Minister for Agriculture
- Acting
- In office 23 March – 3 September 1926
- Preceded by: Bill Dunn
- Succeeded by: Bill Dunn

37th Colonial Treasurer of New South Wales
- In office 15 October 1931 – 13 May 1932
- Preceded by: Himself
- Succeeded by: Bertram Stevens
- In office 4 November 1930 – 15 October 1931
- Preceded by: Bertram Stevens
- Succeeded by: Himself
- In office 17 June 1925 – 18 October 1927
- Preceded by: George Fuller
- Succeeded by: Thomas Bavin
- In office 20 December 1921 – 13 April 1922
- Premier: James Dooley
- Preceded by: Arthur Cocks
- Succeeded by: Arthur Cocks
- In office 13 April 1920 – 10 October 1921
- Premier: John Storey
- Preceded by: John Fitzpatrick
- Succeeded by: Arthur Cocks

Member of the New South Wales Legislative Assembly for Auburn
- In office 8 October 1927 – 15 August 1946
- Preceded by: Electorate established
- Succeeded by: Chris Lang

Member of the New South Wales Legislative Assembly for Parramatta
- In office 20 March 1920 – 7 September 1927 Serving with Albert Bruntnell, Bill Ely and Thomas Morrow
- Preceded by: Albert Bruntnell
- Succeeded by: Albert Bruntnell

Member of the New South Wales Legislative Assembly for Granville
- In office 6 December 1913 – 18 February 1920
- Preceded by: John Nobbs
- Succeeded by: Electorate abolished

Member of the Australian Parliament for Reid
- In office 28 September 1946 – 10 December 1949
- Preceded by: Charles Morgan
- Succeeded by: Charles Morgan

Personal details
- Born: John Thomas Lang 21 December 1876 Brickfield Hill, Sydney City, Colony of New South Wales
- Died: 27 September 1975 (aged 98) Auburn, New South Wales, Australia
- Resting place: Catholic Lawn Cemetery, Rookwood
- Party: Labor (1909–1943; from 1971)
- Other political affiliations: Lang Labor (1931–1950); Labor (NC) (1940–1941; 1943–1950);
- Height: 193 cm (6 ft 4 in)
- Spouse: Hilda Amelia Bredt ​ ​(m. 1896; died 1964)​
- Children: 7, including Chris
- Parents: James Henry Lang (father); Mary Whelan (mother);
- Education: St Francis Marist Brothers' School, Brickfield Hill

= Jack Lang (Australian politician) =

Australian politician (1876–1975)

John Thomas Lang (21 December 1876 – 27 September 1975), nicknamed "the Big Fella", was an Australian politician who served as the 23rd premier of New South Wales from 1925 to 1927 and from 1930 to 1932. He was the state leader of the Australian Labor Party (ALP) from 1923 to 1939 and his Lang Labor faction was an influential force in both state and federal politics, breaking away from the official ALP on several occasions.

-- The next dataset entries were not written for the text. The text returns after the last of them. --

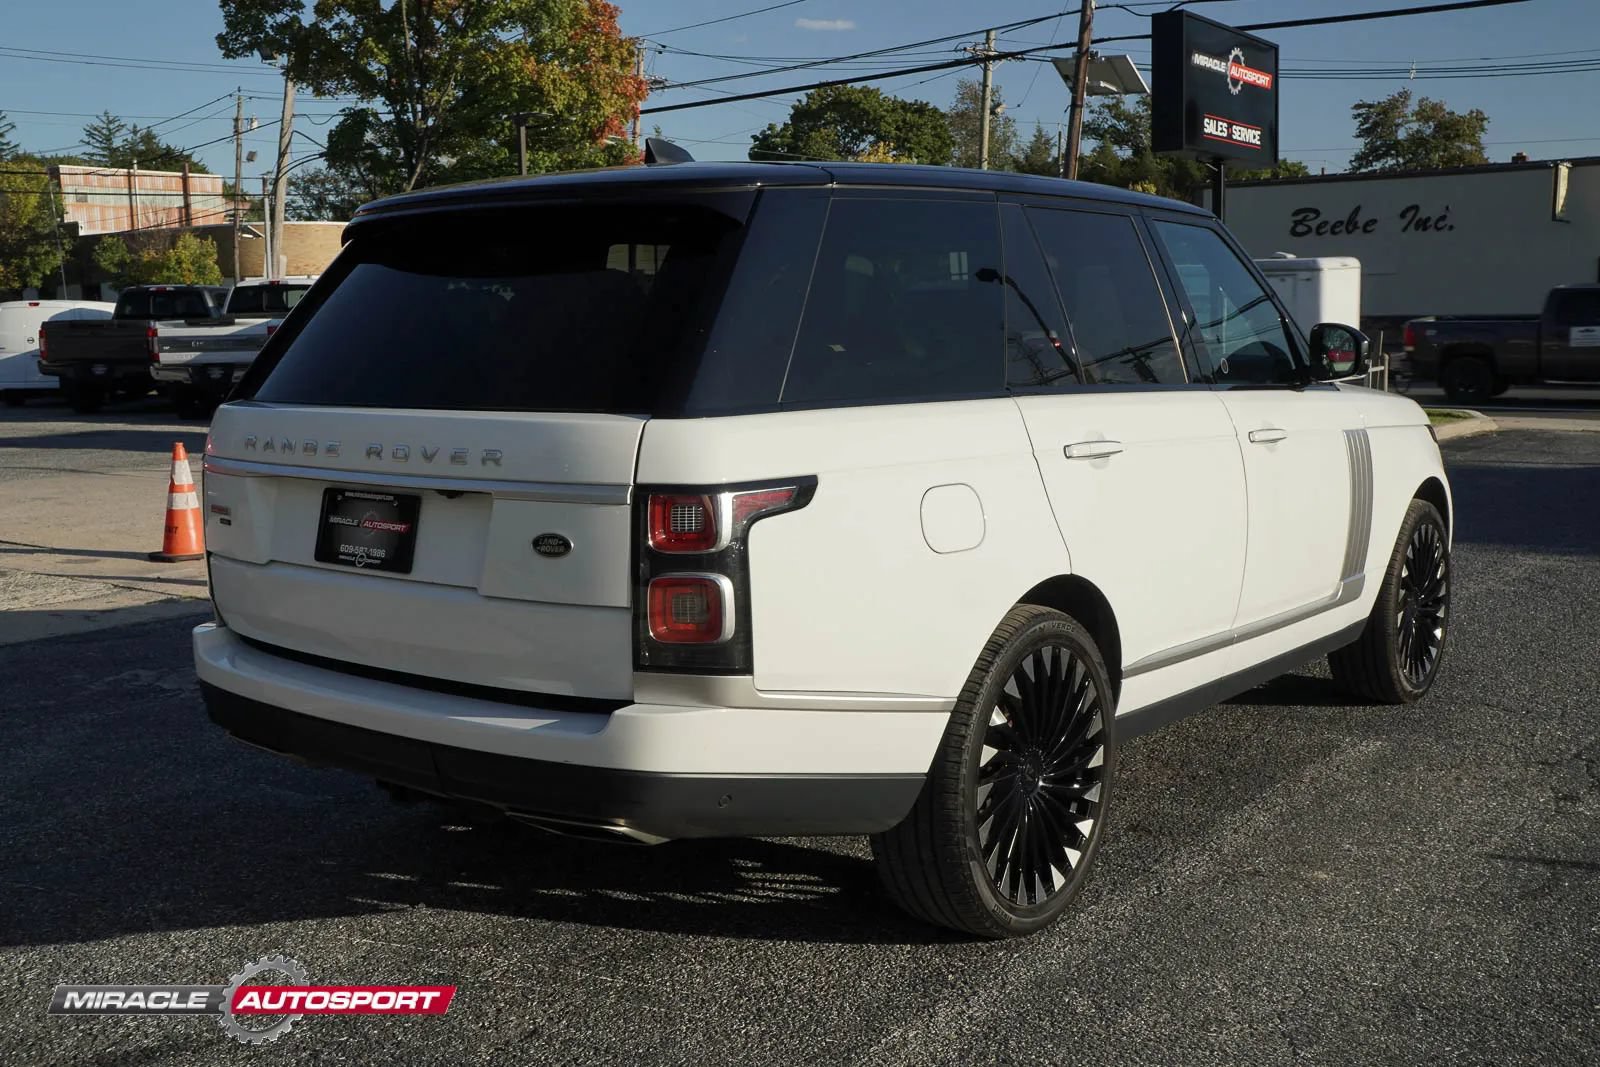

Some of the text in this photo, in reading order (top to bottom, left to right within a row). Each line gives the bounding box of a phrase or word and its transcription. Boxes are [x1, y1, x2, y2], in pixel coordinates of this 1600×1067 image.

[1194, 53, 1270, 87] MIRACLE AUTOSPORT
[1203, 117, 1261, 145] SALES SERVICE
[1289, 204, 1378, 238] Beebe
[243, 435, 504, 468] RANGE ROVER
[329, 515, 407, 532] MIRACLE AUTOSPORT
[538, 537, 565, 553] LAND ROVER

Lang was born to a working-class family in Sydney and grew up in the city's inner suburbs. He left school at the age of 14 and worked a variety of jobs, eventually establishing a real estate agency in the Sydney suburb of Auburn. Lang was first elected to the New South Wales Legislative Assembly at the 1913 state election and would hold several seats over the following 30 years. He remained loyal to the ALP following the 1916 party split over conscription and served as state treasurer from 1920 to 1922 in the governments of John Storey and James Dooley.

In 1923, Lang replaced Dooley as state leader of the ALP, a position he would maintain for 15 years despite a confrontational and pugnacious leadership style and competing factional demands. He led the party to a narrow victory at the 1925 state election. His first term as premier saw the passage of social and industrial reforms, but was also marked by conflict with the conservative Legislative Council and by internal party conflict. He was forced to an early election in 1927, which saw the ALP defeated. However, Lang and the ALP were returned to office in a landslide victory at the 1930 election.

During the Great Depression, Lang was a key figure in the ALP split of 1931, which saw the defeat of the federal Labor government led by James Scullin. He advocated economic populism and produced the "Lang Plan", which called for the repudiation or deferral of overseas debts to avoid the austerity measures in the Premiers' Plan. Lang's supporters in federal parliament supported a no-confidence motion in Scullin's government, with the ALP suffering a landslide defeat at the 1931 federal election. Lang's continued conflict with the new federal government led by Joseph Lyons, including defiance of federal laws, precipitated the 1932 New South Wales constitutional crisis. The crisis culminated when the Governor, Sir Philip Game, used his reserve power to dismiss Lang and his government, the only such dismissal of an Australian state premier.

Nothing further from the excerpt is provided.